WHAT NEEDS TO BE DONE: Each entry below is to be returned exactly, with any pictures left out.

MATERIAL FOR THIS TASK:
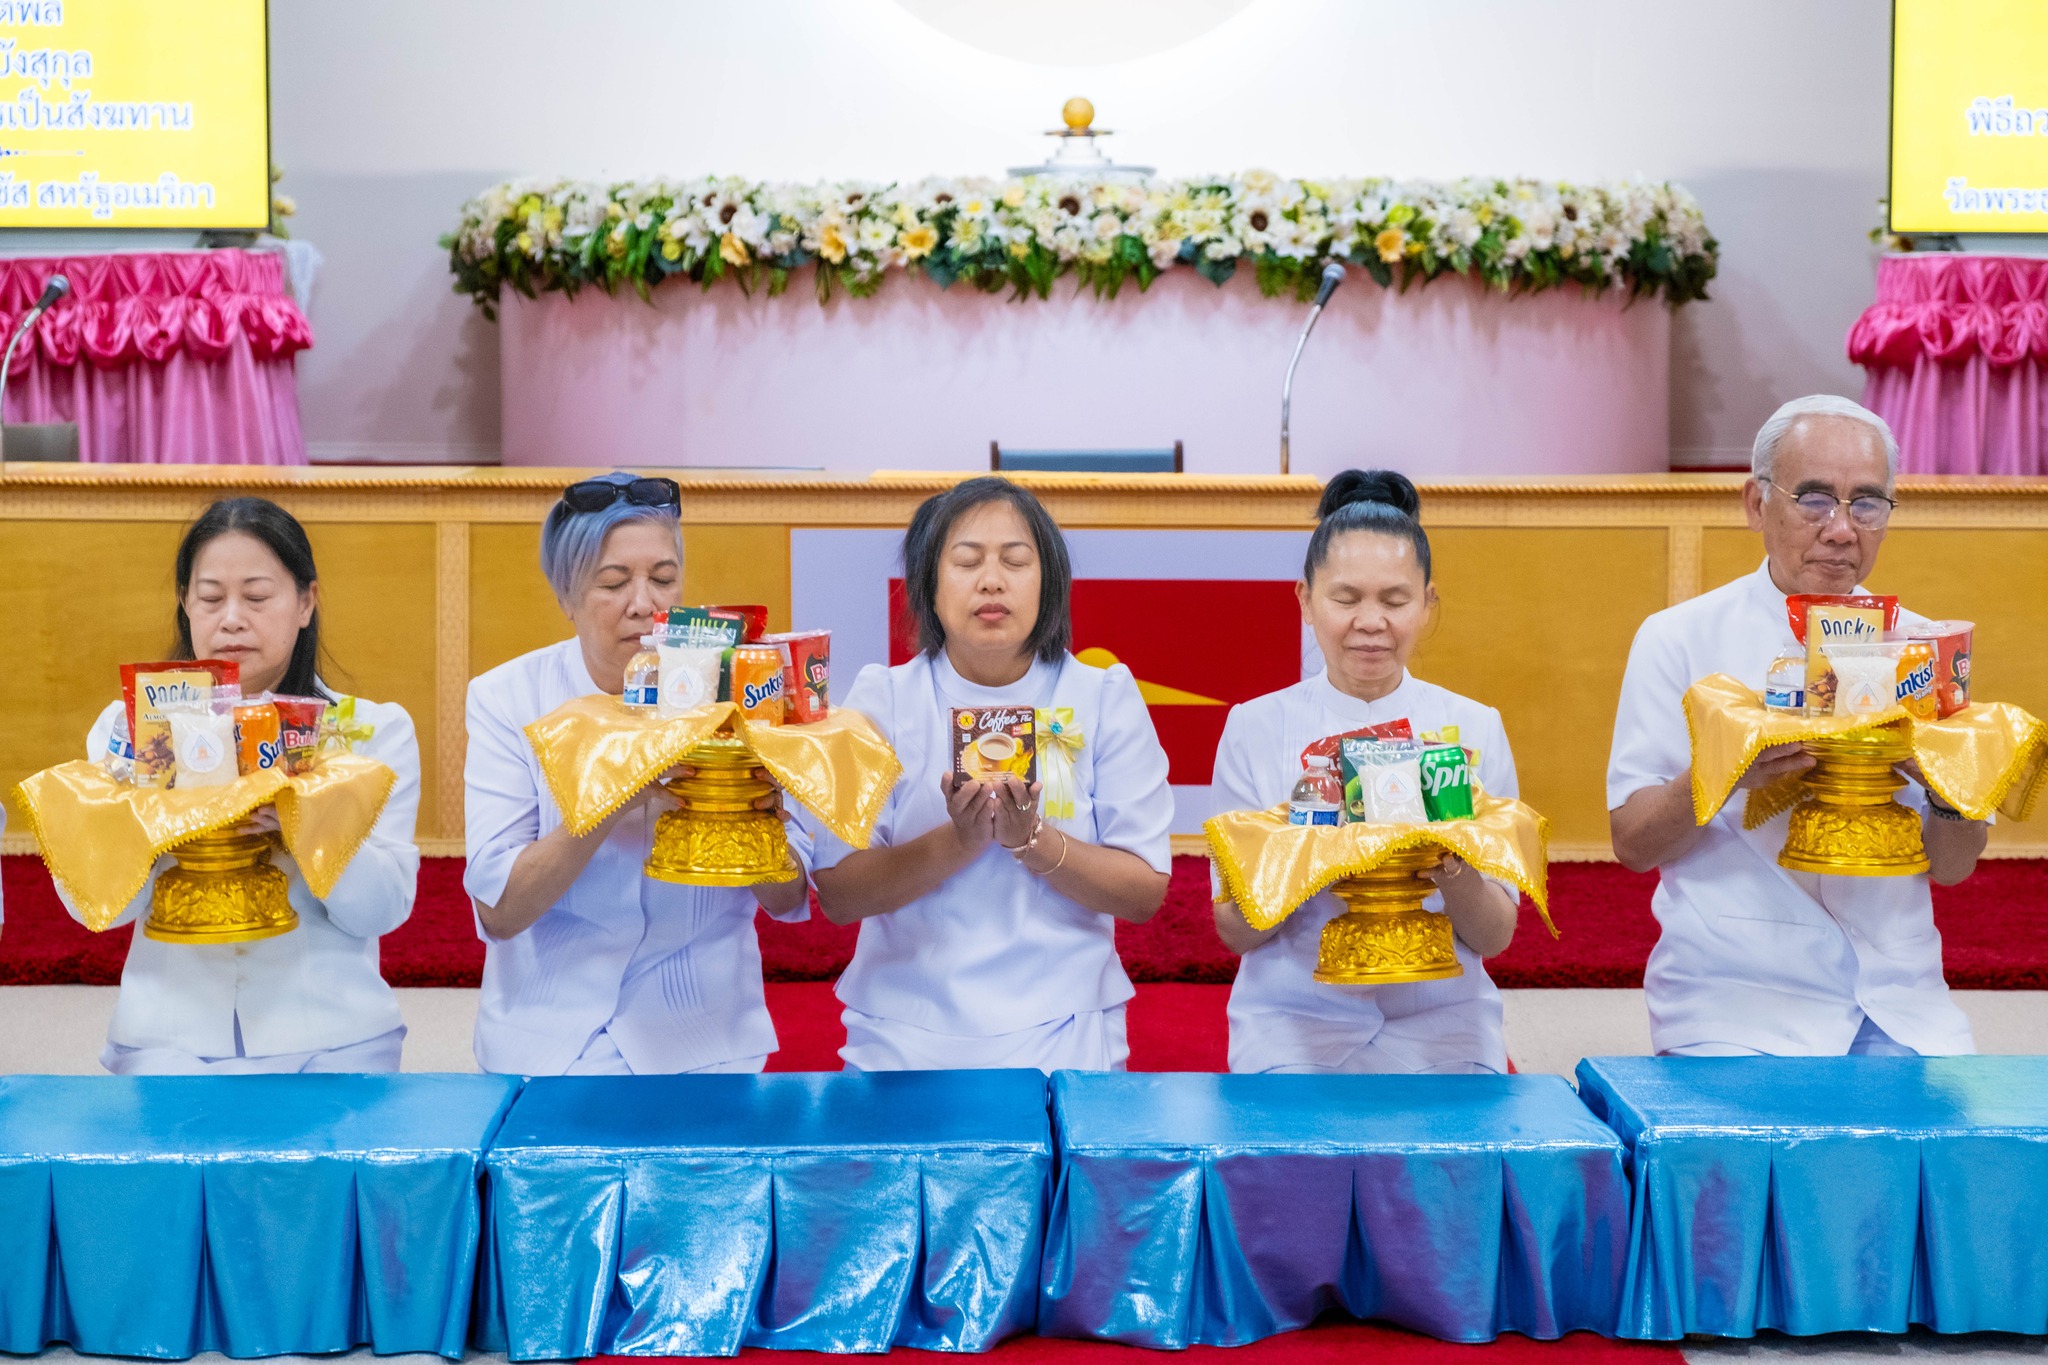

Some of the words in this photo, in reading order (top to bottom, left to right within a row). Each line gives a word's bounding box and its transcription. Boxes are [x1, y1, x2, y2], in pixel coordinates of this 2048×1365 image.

[0, 87, 192, 129] เป็นสังฆทาน
[37, 172, 215, 218] สหรัฐอเมริกา
[1894, 659, 1935, 702] unkist
[979, 708, 1018, 732] Coffee
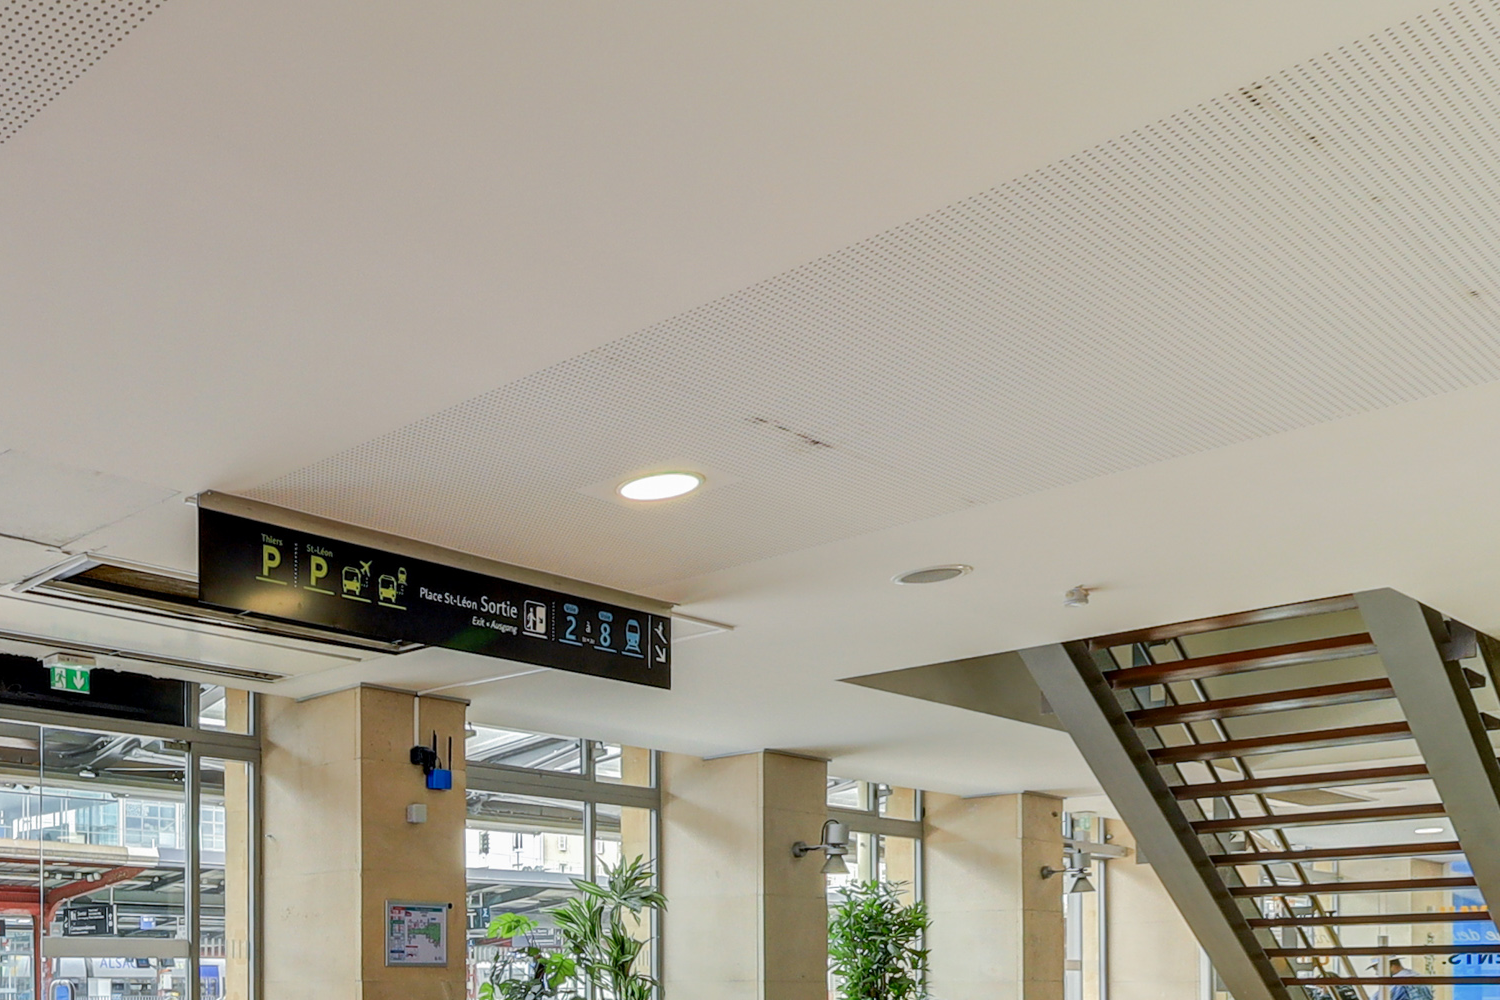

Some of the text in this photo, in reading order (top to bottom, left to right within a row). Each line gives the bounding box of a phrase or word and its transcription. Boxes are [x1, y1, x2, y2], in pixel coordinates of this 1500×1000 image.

[261, 533, 283, 546] Thiers
[306, 544, 334, 558] St-Léon
[263, 544, 281, 576] P
[310, 555, 328, 586] P
[419, 587, 518, 619] Place St-Léon Sortie
[471, 616, 518, 635] Exit Ausgang
[565, 615, 577, 640] 2
[599, 623, 611, 647] 8
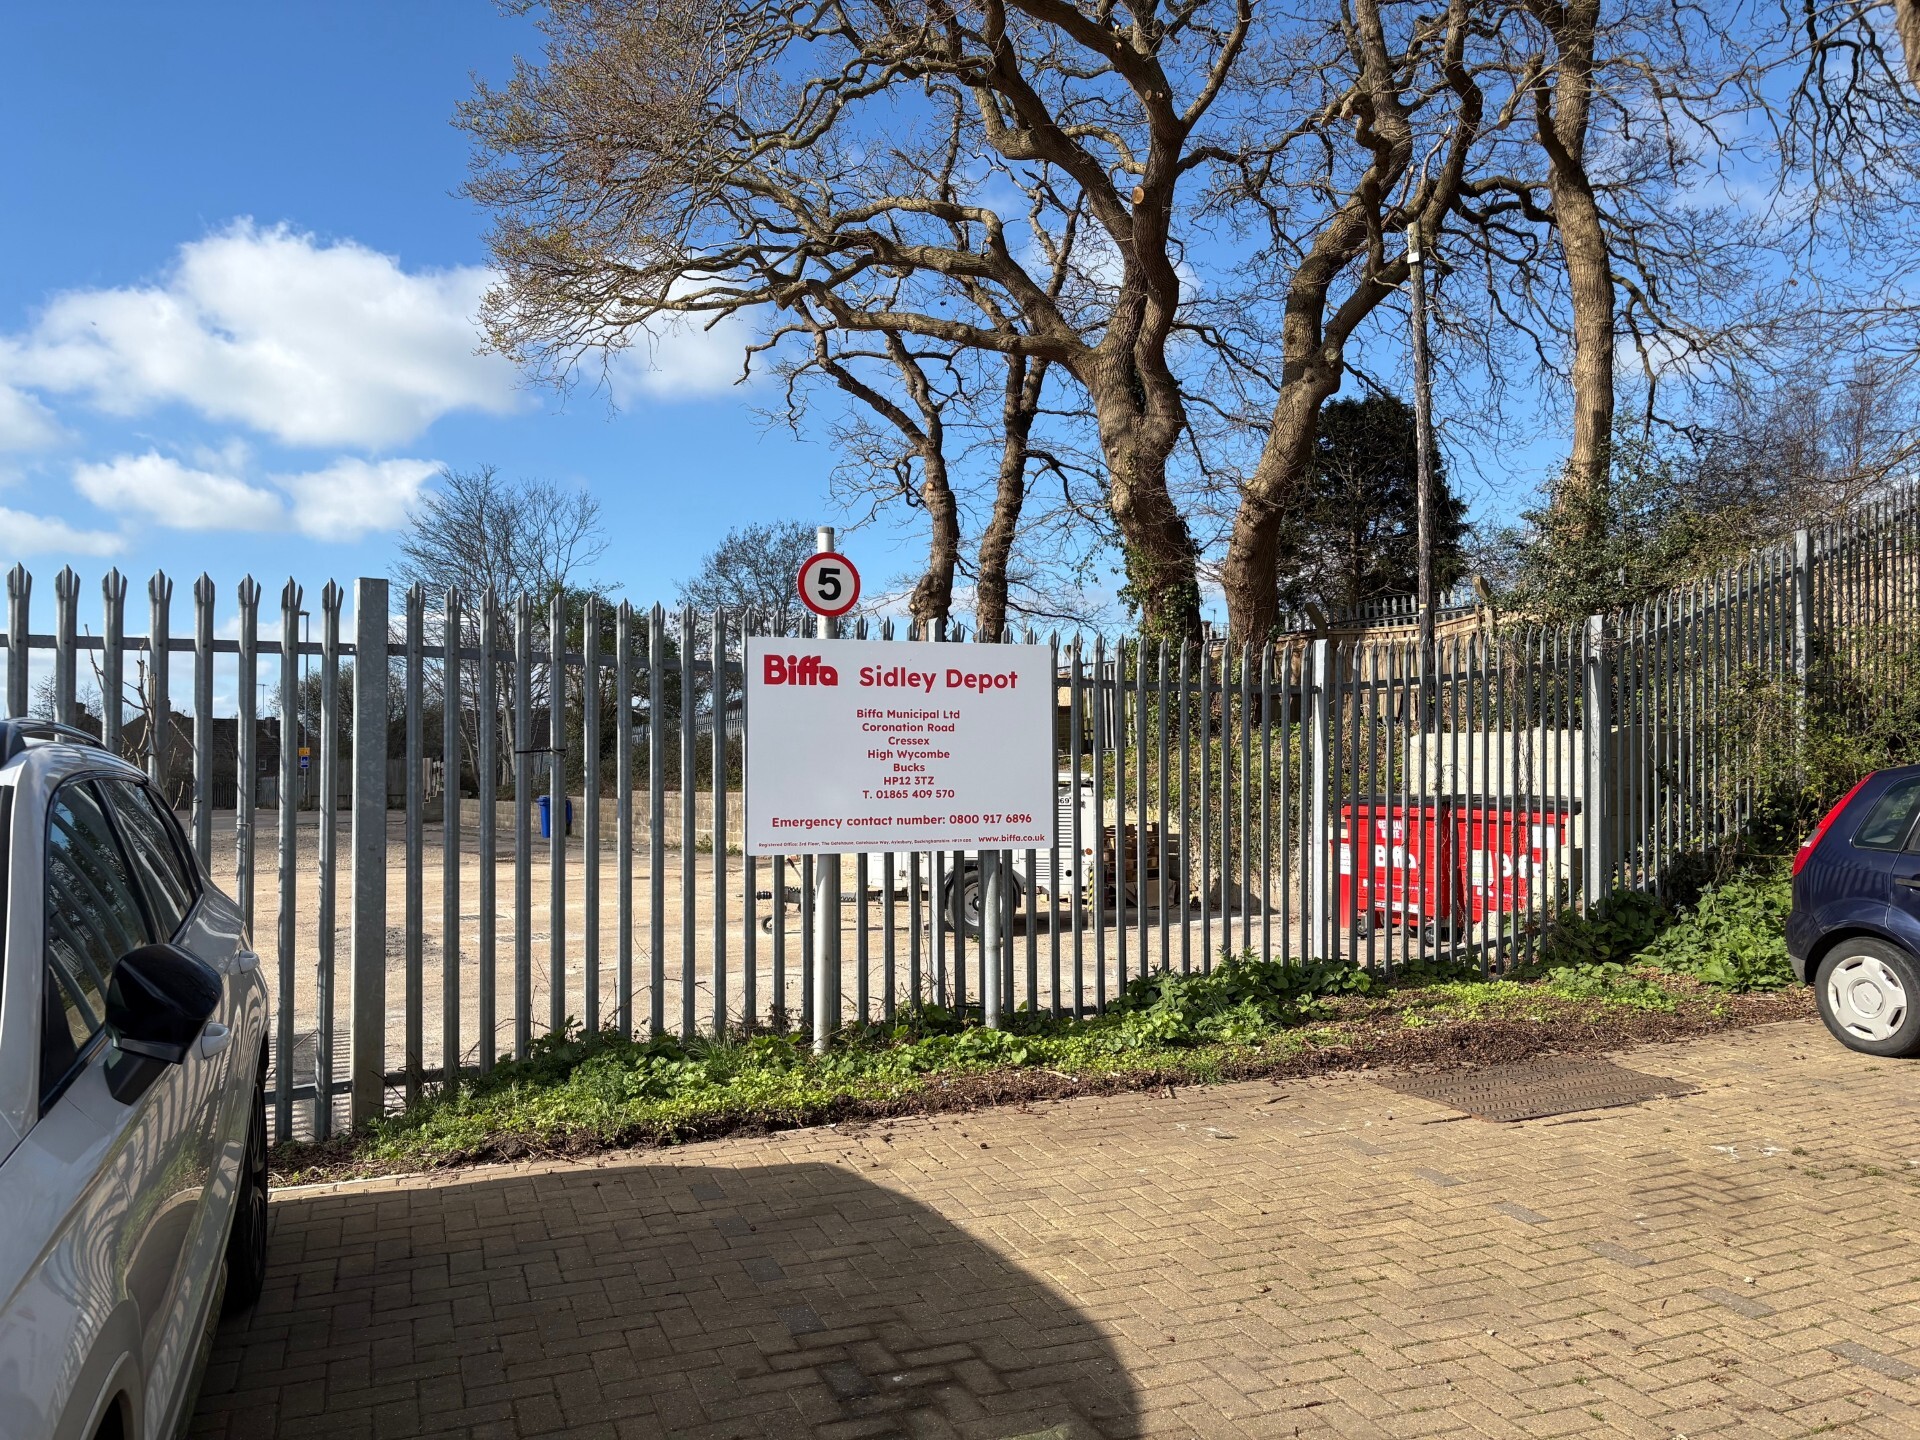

REPLY:
Some of the words in this photo, in reading order (top to bottom, left to right within a row). Each line gives a word's bounding box and its transcription. Boxes are [x1, y1, x2, y2], in pixel coordinates of this 2048×1365 image.

[0, 87, 192, 129] เป็นสังฆทาน
[37, 172, 215, 218] สหรัฐอเมริกา
[1894, 659, 1935, 702] unkist
[979, 708, 1018, 732] Coffee

Some of the text in this photo, in reading order (top to bottom, left to right within a row). Each line gives the bounding box of a phrase or word and its transcription. Boxes are [x1, y1, x2, y2], in pixel coordinates of this 1500×1000 image.

[261, 533, 283, 546] Thiers
[306, 544, 334, 558] St-Léon
[263, 544, 281, 576] P
[310, 555, 328, 586] P
[419, 587, 518, 619] Place St-Léon Sortie
[471, 616, 518, 635] Exit Ausgang
[565, 615, 577, 640] 2
[599, 623, 611, 647] 8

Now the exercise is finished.